Take-Two CEO Strauss Zelnick has enthused about the planned Microsoft acquisition of Activision Blizzard in a new interview with TheWrap, claiming the move can only be a ‘good thing for the industry’ as power dynamics change. Zelnick believes that Microsoft is acting for the good of everyone, and that the acquisition will allow for more creativity in the long term.
‘We’re certainly of the belief that it’s a good thing for Microsoft and the industry,’ Zelnick said. ‘It’s a highly fragmented business and there’s plenty of room for creativity to go around. Microsoft is an ally of ours, and if this makes their business more powerful we think that’s good for us.’
According to Zelnick, the industry is ‘essentially pulling in the same direction’, and while the industry is highly competitive, it’s also focussed on working together, with relationships being buoyed by shared goals to create the best games industry, and serve the wants of consumers.

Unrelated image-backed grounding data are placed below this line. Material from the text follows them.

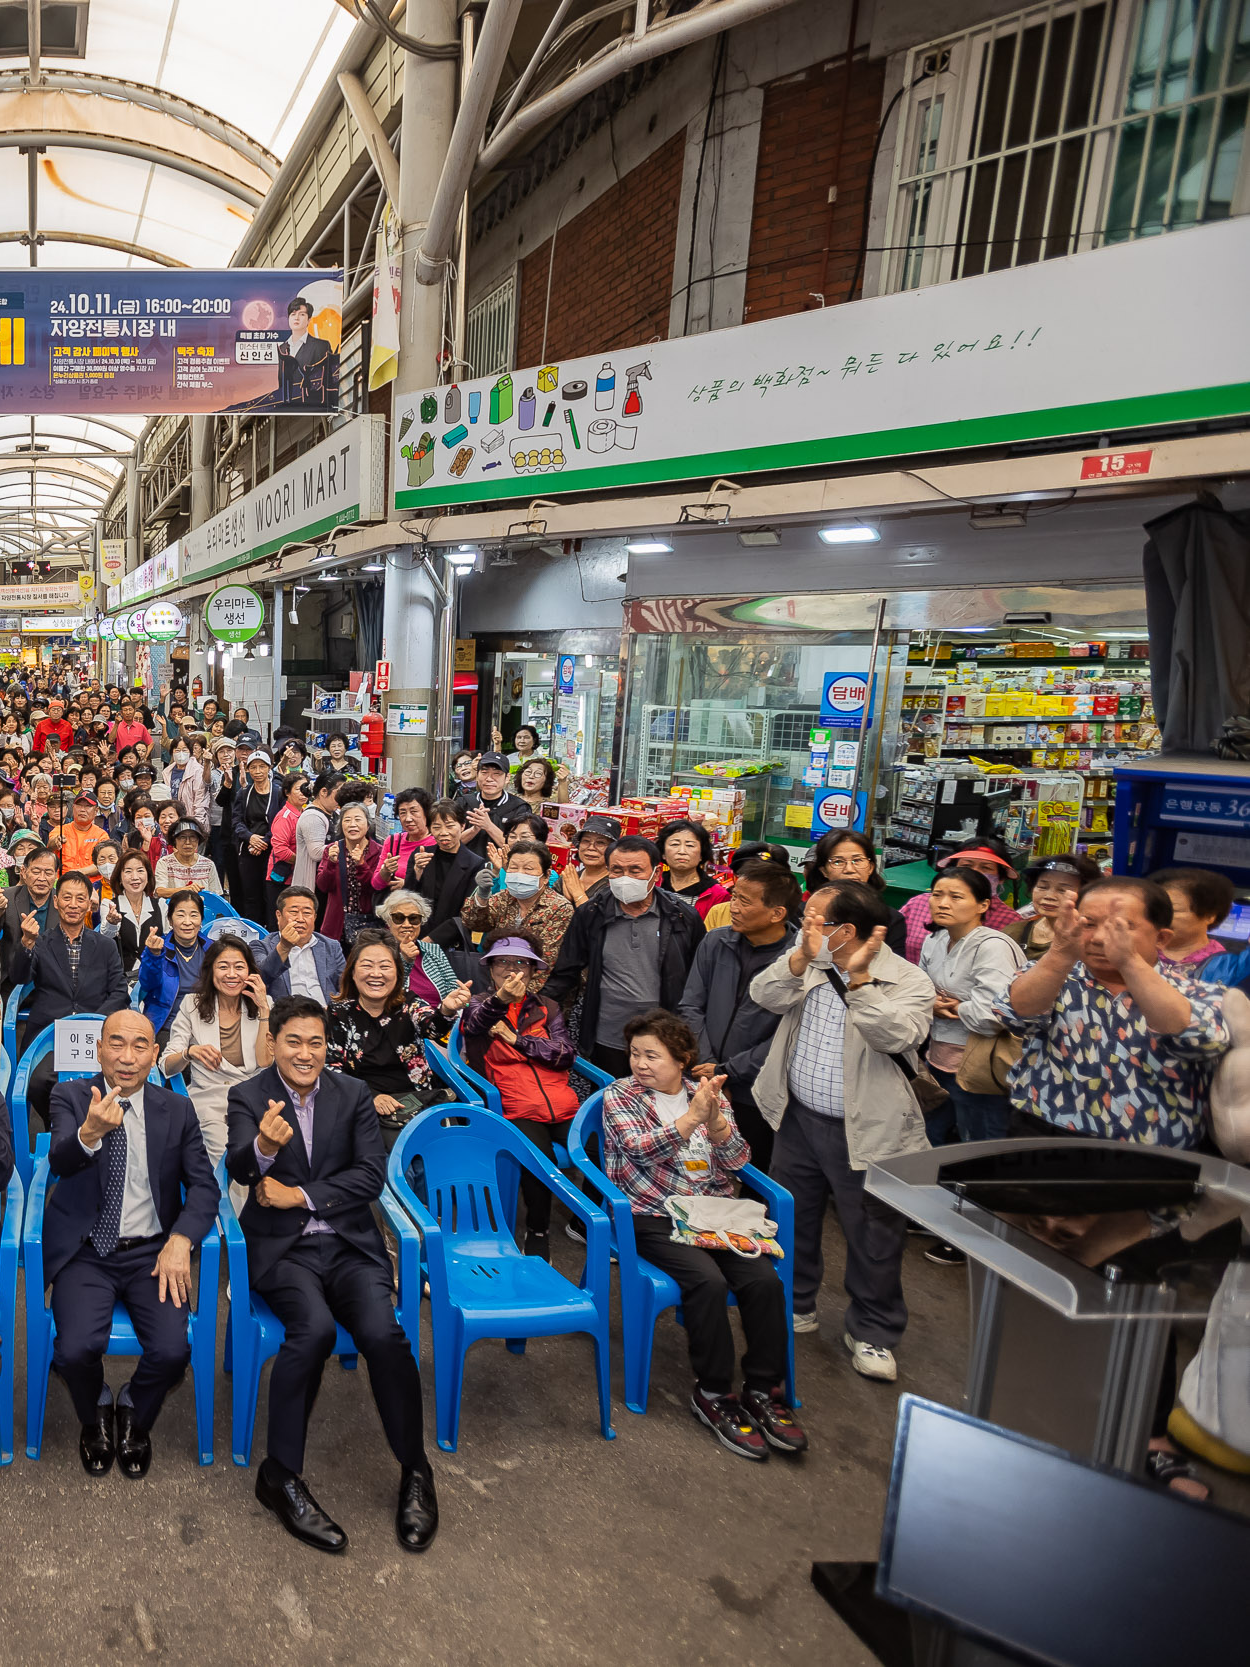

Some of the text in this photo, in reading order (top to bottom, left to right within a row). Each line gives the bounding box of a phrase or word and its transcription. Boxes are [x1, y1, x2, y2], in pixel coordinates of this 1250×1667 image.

[50, 294, 231, 316] 24.10.11.(금) 16:00~20:00
[50, 318, 176, 338] 자양전통시장 내
[53, 347, 70, 357] 고객
[73, 347, 91, 357] 감사
[121, 346, 139, 357] 행사
[177, 346, 214, 356] 맥주 축제
[240, 351, 273, 361] 신 인 선
[688, 379, 744, 404] 상품의
[753, 366, 830, 398] 백화점~
[841, 353, 883, 380] 뭐든
[899, 353, 918, 364] 다
[1100, 455, 1125, 472] 15
[206, 445, 350, 552] 우리마트생선 WOORI MART
[213, 598, 256, 611] 우리마트
[224, 613, 245, 625] 생선
[833, 687, 865, 700] 담배
[1166, 799, 1221, 813] 은행공동
[70, 1033, 94, 1045] 이 동
[70, 1049, 94, 1059] 구 의

‘The entertainment business is the antithesis of a fungible commoditised business – every title stands alone, so it sort of doesn’t compete with anything else, and yet it’s highly competitive in a way,’ Zelnick said. ‘We compete with everything. In a way, we compete with nothing. You can’t replace one of our titles with another title.’

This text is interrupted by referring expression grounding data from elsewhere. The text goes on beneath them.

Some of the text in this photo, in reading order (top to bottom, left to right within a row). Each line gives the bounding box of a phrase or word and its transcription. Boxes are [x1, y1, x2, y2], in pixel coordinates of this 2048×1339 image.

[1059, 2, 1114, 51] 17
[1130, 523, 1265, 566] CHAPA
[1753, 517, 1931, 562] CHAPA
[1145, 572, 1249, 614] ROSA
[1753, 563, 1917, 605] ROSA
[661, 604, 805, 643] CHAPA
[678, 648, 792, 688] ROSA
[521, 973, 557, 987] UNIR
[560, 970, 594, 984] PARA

Take-Two’s stance on the upcoming Microsoft deal stands in stark contrast to the opinions of publisher Sony, which continues to fight against the acquisition. According to Sony, the deal is strictly anti-competitive, and will lead to consumers flocking to Xbox consoles in fear of exclusive content or games.
The deal is currently passing scrutiny by the UK’s Competition and Markets Authority (CMA), which has heard testimony from Sony that Microsoft could use its newly acquired brands to wield greater power over consumers, and sway interest towards Xbox consoles.

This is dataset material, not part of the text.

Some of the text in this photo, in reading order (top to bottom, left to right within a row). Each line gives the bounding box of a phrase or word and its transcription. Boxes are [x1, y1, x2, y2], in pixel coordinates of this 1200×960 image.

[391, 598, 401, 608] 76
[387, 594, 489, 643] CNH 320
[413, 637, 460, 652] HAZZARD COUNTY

‘The CMA is concerned that having full control over this powerful catalogue … could result in Microsoft harming consumers by impairing Sony’s – Microsoft’s closest gaming rival – ability to compete,’ the CMA claimed in early October.
Microsoft disputed this, and claimed that Sony’s lodged complaints had led to a non-critical, biased review of the upcoming Activision Blizzard acquisition.
Both companies are locked in a battle with regulators around the world, and while a recent win against Brazil’s regulatory body is a promising sign for Microsoft, Sony is continuing to argue against the deal, engaging a number of third parties to investigate alleged anti-competitive behaviour.
As the arguments continue, expect to see more publishers weigh in on proceedings, and stake a claim on either side of the fence.